Seattle/London, Feb 02: The MyDoom Internet worm on Sunday knocked down the Web site of a small software company by bombarding it with a flood of data as Microsoft Corp. prepared for a similar, planned attack by the virus-like program this week.
The SCO Group Inc., a software company that has drawn the ire of Linux advocates for trying to collect license fees for the freely available software system, confirmed MyDoom had knocked its Web site, http://www.sco.com, out of commission.
After defending the site in the early stage of the attack, SCO shut its site down entirely.
"Rather than try to continue to fight, we felt it was more advantageous to bring the site down and make that bandwidth available or other users," said SCO spokesman Blake Stowell, adding that the company would get the site up and running again on Monday.

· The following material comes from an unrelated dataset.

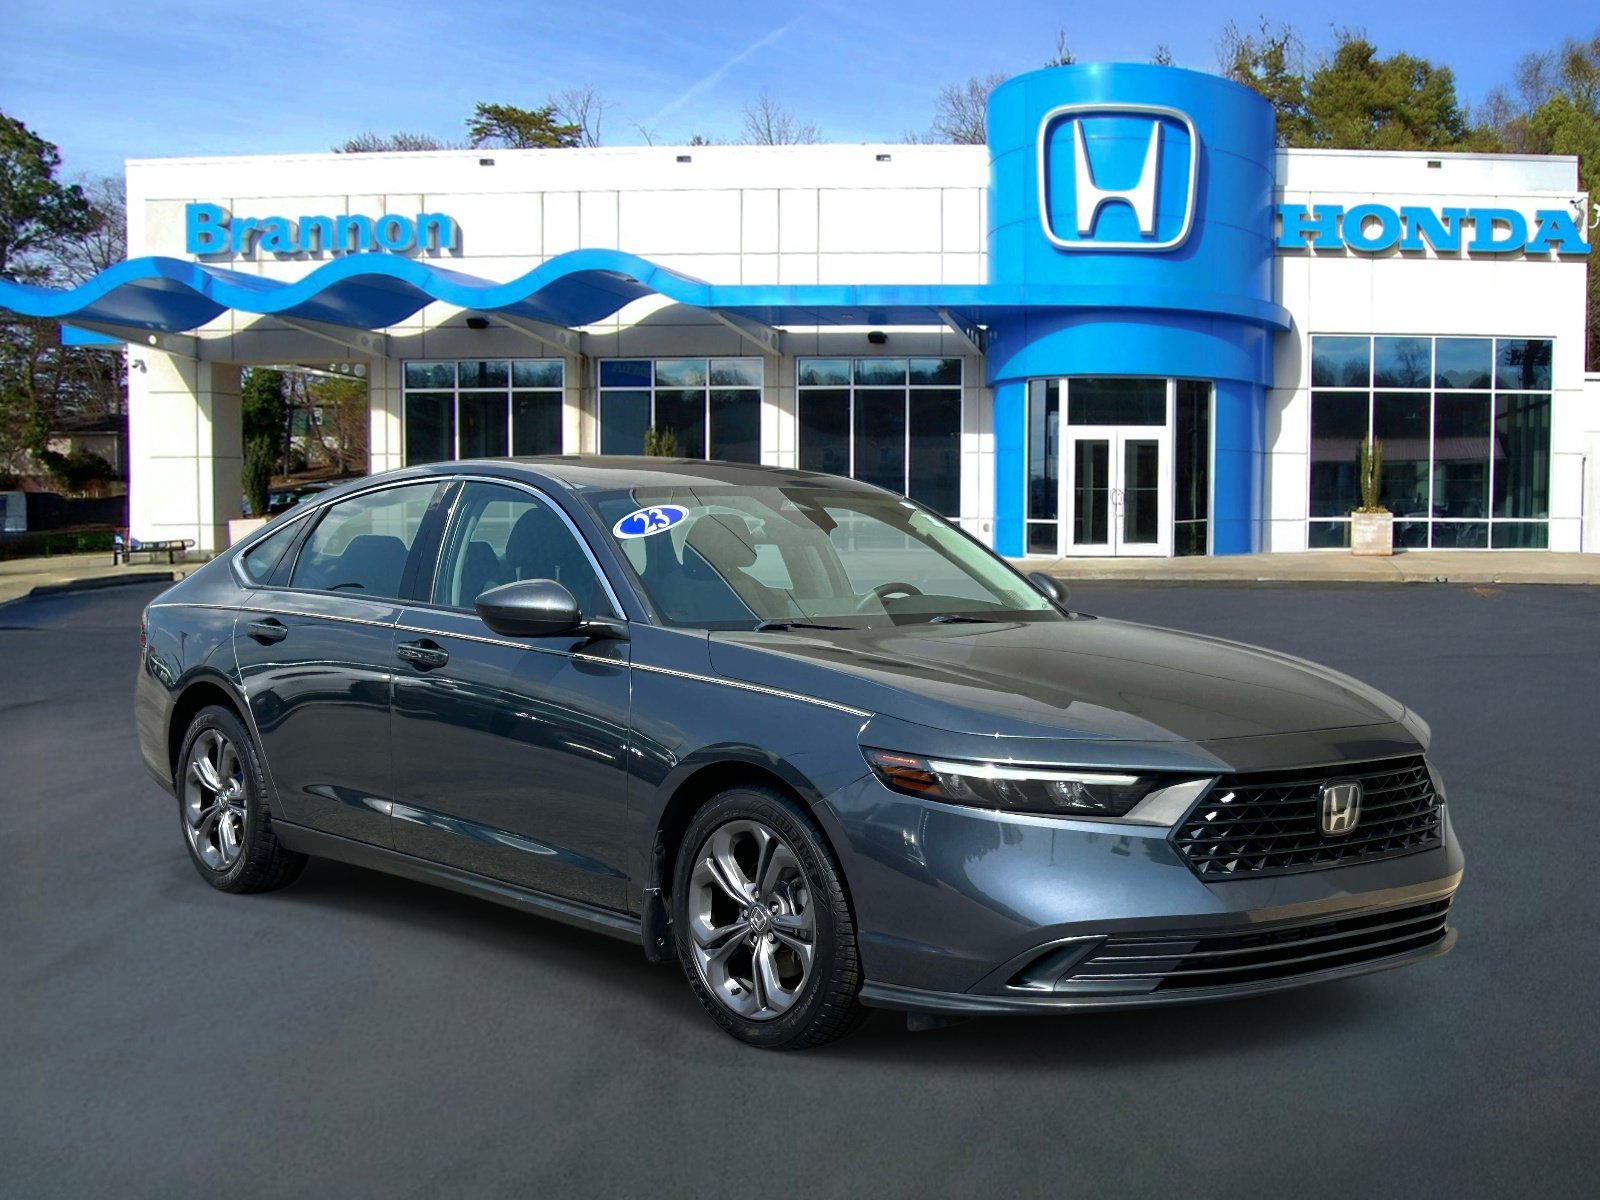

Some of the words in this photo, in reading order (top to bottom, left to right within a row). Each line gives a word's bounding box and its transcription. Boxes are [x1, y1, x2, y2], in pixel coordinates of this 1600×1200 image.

SCO and Microsoft, which is being targeted by a variant of the MyDoom worm, have each offered a bounty of USD 250,000 for information leading to the capture of the author of the malicious program.
The world's largest software maker said was it preparing for an attack by the variant worm, called MyDoom.B, which security experts have said will happen on Tuesday.
"Microsoft remains diligent," a company spokesman said.
The speed and severity of the attack surprised security officials, although there were no other reports of outages or slowdowns elsewhere online due to the worm.
But experts warned that the main threat remained to unsuspecting recipients of the worm, which spreads by spamming itself to millions e-mail accounts around the globe.
"At this particular point people shouldn't lose sight of the fact that the virus is still spreading," said Vincent Gullotto, vice president of the anti-virus emergency response team at Network Associates Inc.